Reputation: 601
I have a dataframe of timeseries pricing data, with an ID, Date and Price.
I need to compute the Exponential Moving Average for the Price Column, and add it as a new column to the dataframe.
I have been using Spark's window functions before, and it looked like a fit for this use case, but given the formula for the EMA:
EMA: {Price - EMA(previous day)} x multiplier + EMA(previous day)
where
multiplier = (2 / (Time periods + 1)) //let's assume Time period is 10 days for now
I got a bit confused as to how can I access to the previous computed value in the column, while actually window-ing over the column. With a simple moving average, it's simple, since all you need to do is compute a new column while averaging the elements in the window:
var window = Window.partitionBy("ID").orderBy("Date").rowsBetween(-windowSize, Window.currentRow)
dataFrame.withColumn(avg(col("Price")).over(window).alias("SMA"))

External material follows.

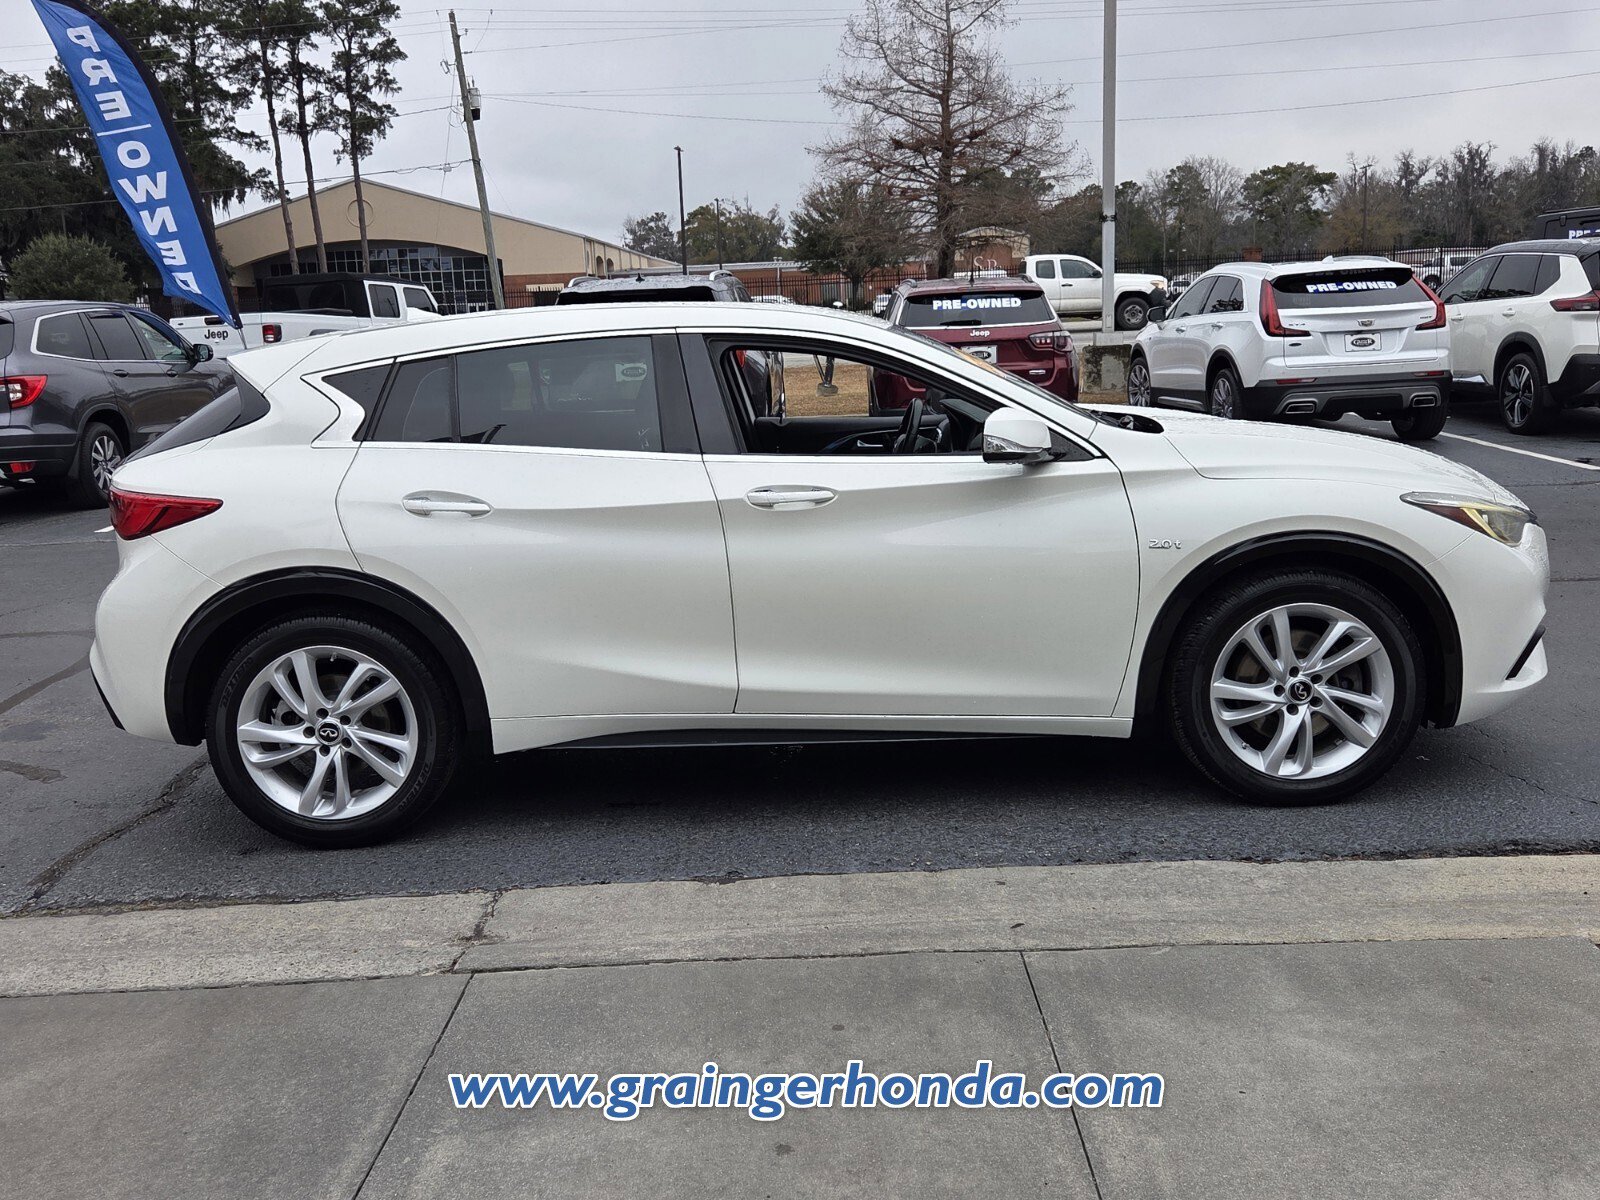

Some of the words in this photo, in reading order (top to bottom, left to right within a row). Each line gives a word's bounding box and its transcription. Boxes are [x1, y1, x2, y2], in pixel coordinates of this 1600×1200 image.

But it seems that with EMA its a bit more complicated since at every step I need the previous computed value.
I have also looked at Weighted moving average in Pyspark but I need an approach for Spark/Scala, and for a 10 or 30 days EMA.
Any ideas?
Upvotes: 4
Views: 5375
Reputation: 601
In the end, I've analysed how exponential moving average is implemented in pandas dataframes. Besides the recursive formula which I described above, and which is difficult to implement in any sql or window function(because its recursive), there is another one, which is detailed on their issue tracker:
y[t] = (x[t] + (1-a)*x[t-1] + (1-a)^2*x[t-2] + ... + (1-a)^n*x[t-n]) /
((1-a)^0 + (1-a)^1 + (1-a)^2 + ... + (1-a)^n).
Given this, and with additional spark implementation help from here, I ended up with the following implementation, which is roughly equivalent with doing pandas_dataframe.ewm(span=window_size).mean().
def exponentialMovingAverage(partitionColumn: String, orderColumn: String, column: String, windowSize: Int): DataFrame = {
val window = Window.partitionBy(partitionColumn)
val exponentialMovingAveragePrefix = "_EMA_"
val emaUDF = udf((rowNumber: Int, columnPartitionValues: Seq[Double]) => {
val alpha = 2.0 / (windowSize + 1)
val adjustedWeights = (0 until rowNumber + 1).foldLeft(new Array[Double](rowNumber + 1)) { (accumulator, index) =>
accumulator(index) = pow(1 - alpha, rowNumber - index); accumulator
}
(adjustedWeights, columnPartitionValues.slice(0, rowNumber + 1)).zipped.map(_ * _).sum / adjustedWeights.sum
})
dataFrame.withColumn("row_nr", row_number().over(window.orderBy(orderColumn)) - lit(1))
.withColumn(s"$column$exponentialMovingAveragePrefix$windowSize", emaUDF(col("row_nr"), collect_list(column).over(window)))
.drop("row_nr")
}
(I am presuming the type of the column for which I need to compute the exponential moving average is Double.)
I hope this helps others.
Upvotes: 8